[Dataset entries]
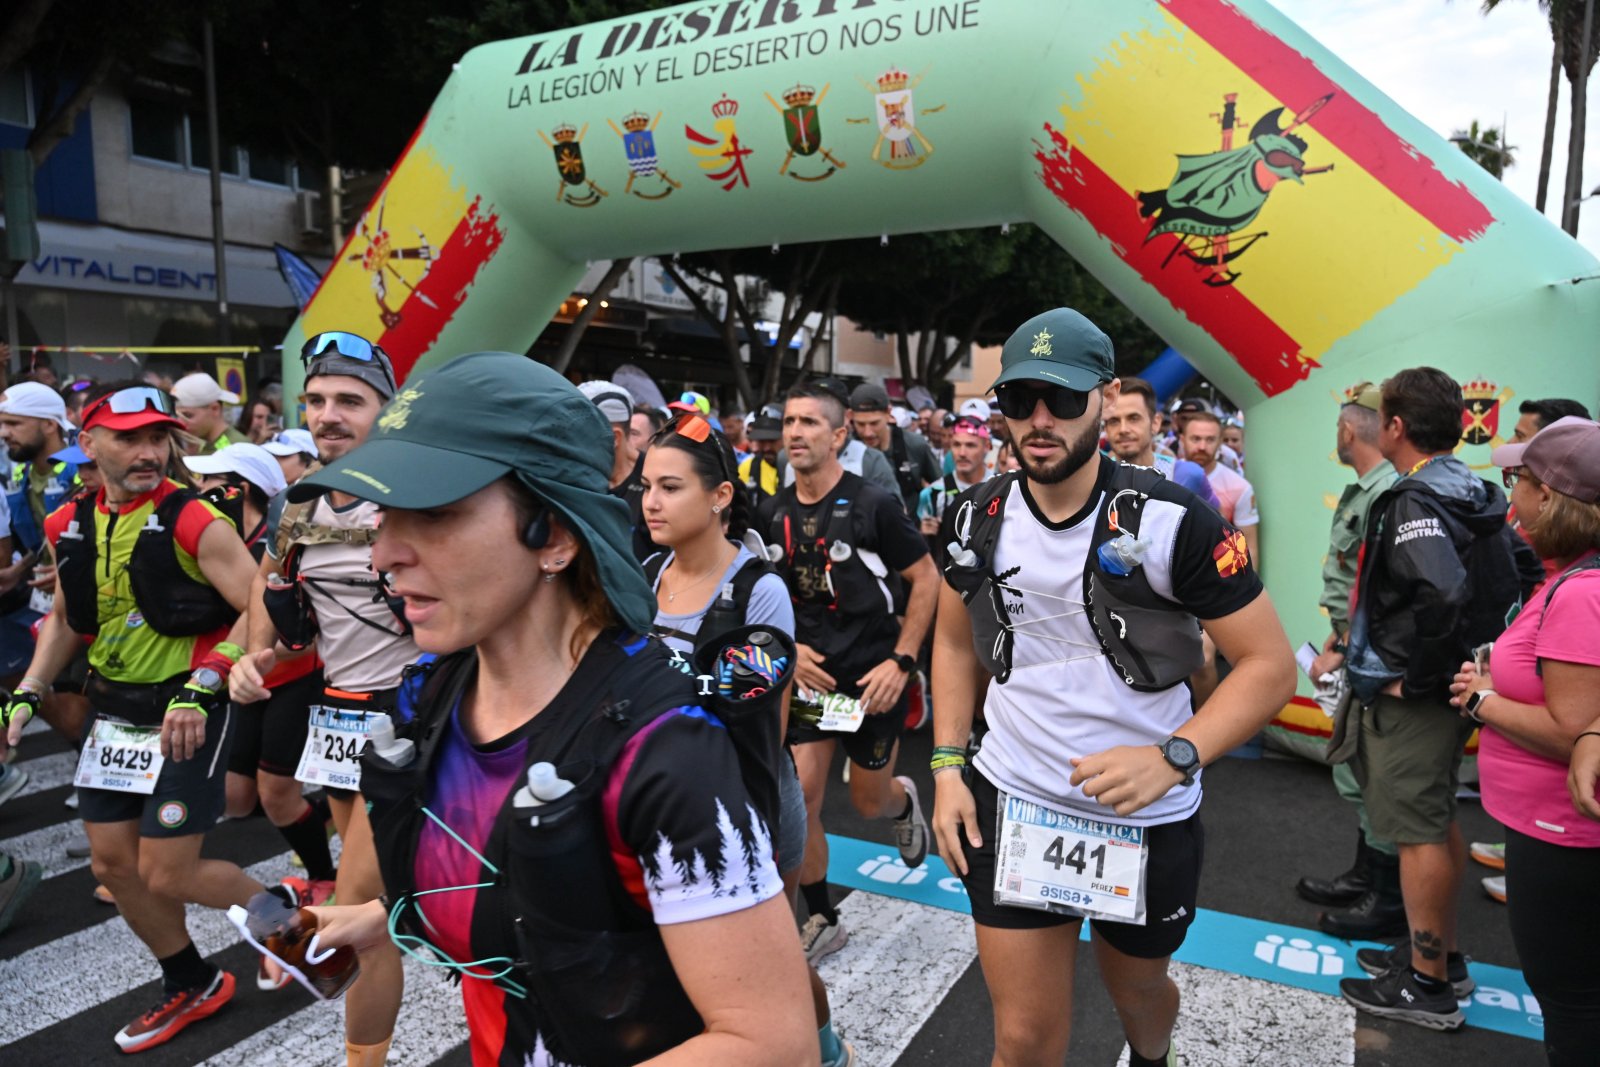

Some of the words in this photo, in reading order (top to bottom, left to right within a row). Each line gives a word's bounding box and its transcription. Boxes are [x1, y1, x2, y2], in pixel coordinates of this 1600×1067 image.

[507, 85, 532, 109] LA
[539, 62, 625, 103] LEGIÓN
[633, 62, 648, 86] Y
[656, 57, 684, 83] EL
[693, 28, 828, 76] DESIERTO
[839, 14, 902, 50] NOS
[914, 0, 980, 36] UNE
[514, 33, 584, 76] LA
[31, 255, 216, 290] VITALDENT
[1394, 527, 1446, 545] ARBITRAL
[100, 746, 153, 771] 8429
[1043, 835, 1107, 879] 441
[1040, 885, 1082, 904] asisa
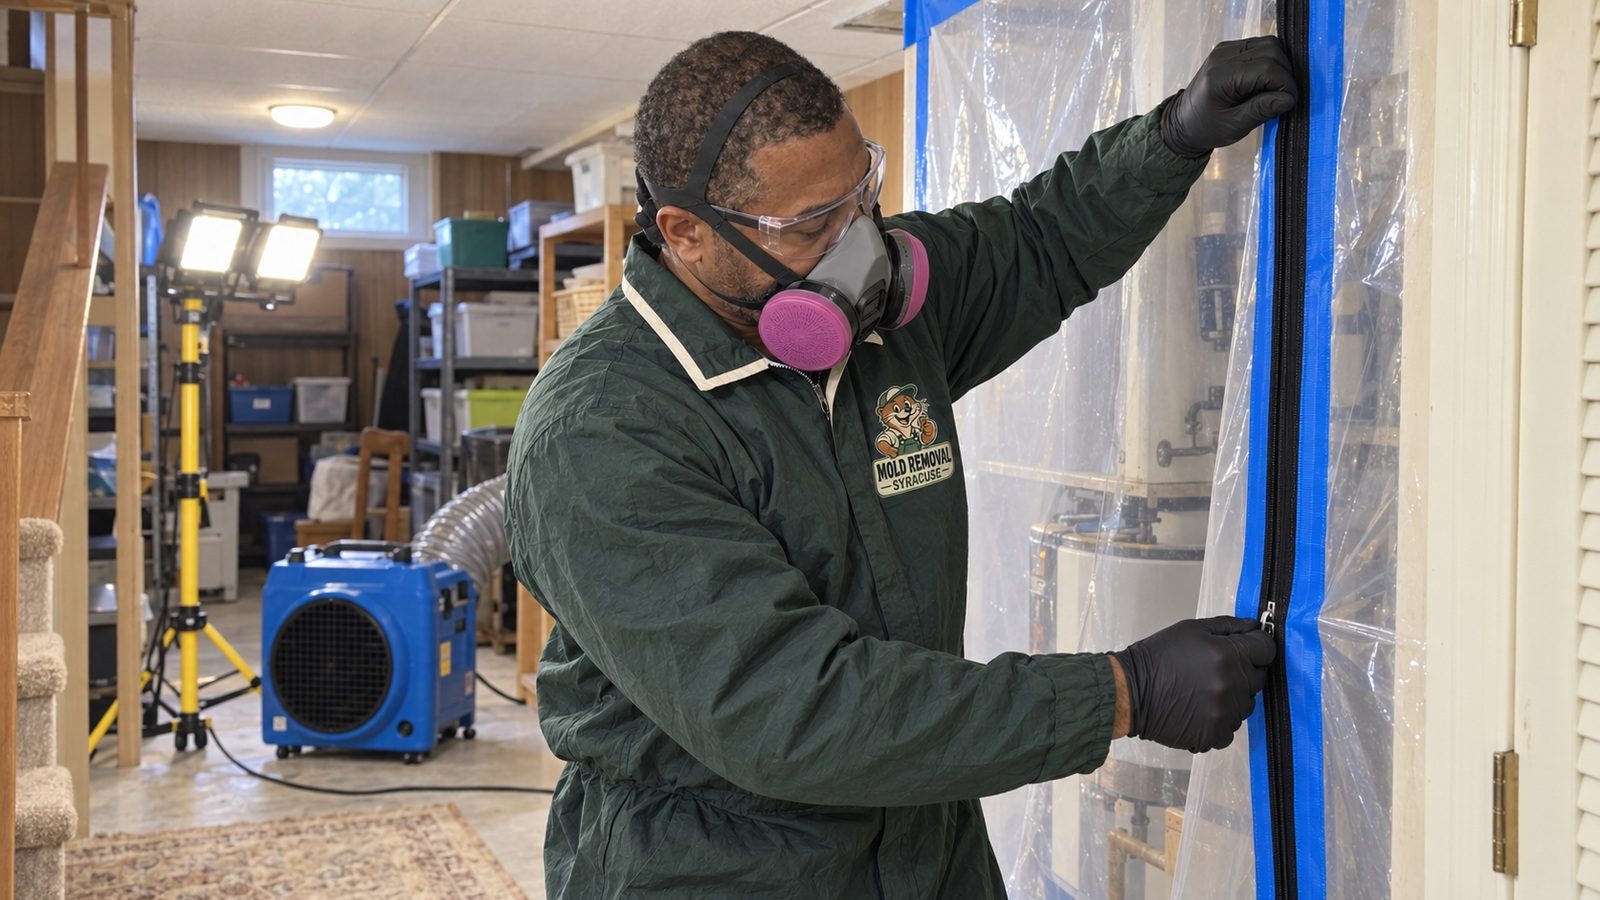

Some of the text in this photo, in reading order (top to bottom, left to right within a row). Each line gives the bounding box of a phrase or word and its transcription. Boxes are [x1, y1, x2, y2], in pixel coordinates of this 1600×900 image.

[876, 446, 952, 482] MOLD REMOVAL
[892, 467, 942, 490] SYRACUSE
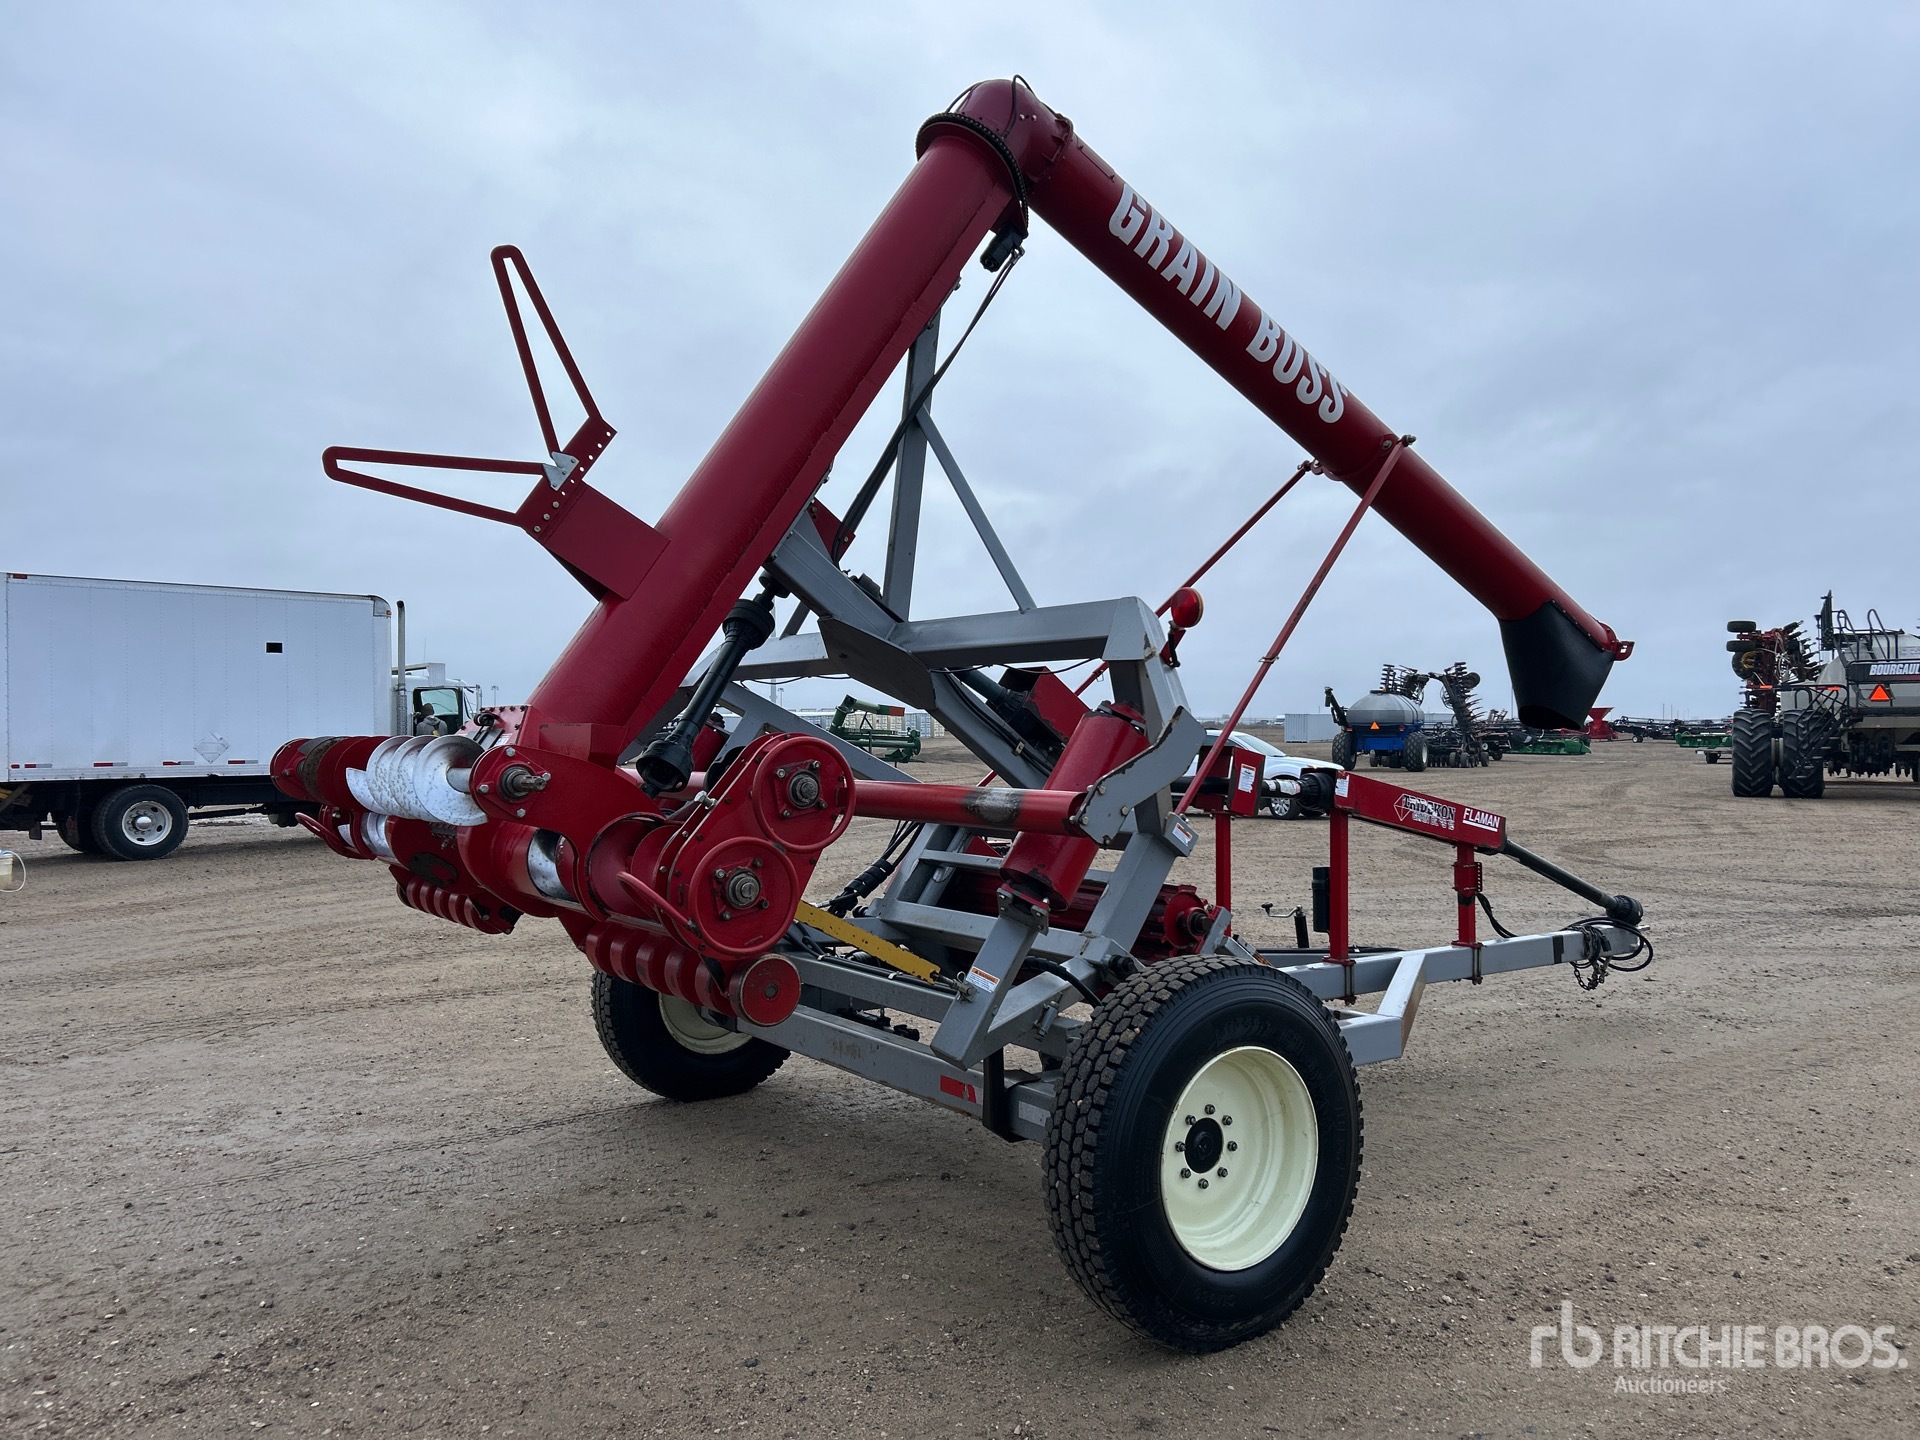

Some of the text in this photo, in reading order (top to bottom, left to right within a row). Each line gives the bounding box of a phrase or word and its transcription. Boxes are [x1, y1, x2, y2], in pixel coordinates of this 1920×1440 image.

### WHAT YOU NEED TO DO
Each record above should be restated word for word. The pictures should not appear.

### RESPONSE TO THIS EXERCISE
Some of the words in this photo, in reading order (top to bottom, left to right within a row). Each line gives a word's bounding box and its transcription. Boxes are [x1, y1, x2, y2], in pixel coordinates of this 1600×1067 image.

[507, 85, 532, 109] LA
[539, 62, 625, 103] LEGIÓN
[633, 62, 648, 86] Y
[656, 57, 684, 83] EL
[693, 28, 828, 76] DESIERTO
[839, 14, 902, 50] NOS
[914, 0, 980, 36] UNE
[514, 33, 584, 76] LA
[31, 255, 216, 290] VITALDENT
[1394, 527, 1446, 545] ARBITRAL
[100, 746, 153, 771] 8429
[1043, 835, 1107, 879] 441
[1040, 885, 1082, 904] asisa

Some of the text in this photo, in reading order (top to bottom, left to right within a row). Each line gives the bounding box of a phrase or word and its transcription. Boxes are [x1, y1, x2, y2], in pixel coordinates of this 1600×900 image.

[876, 446, 952, 482] MOLD REMOVAL
[892, 467, 942, 490] SYRACUSE

Some of the text in this photo, in reading order (top to bottom, left to right within a row). Each line gives the bounding box of a phrase or word and its transcription. Boxes are [x1, y1, x2, y2], in pixel coordinates of this 1920×1440 image.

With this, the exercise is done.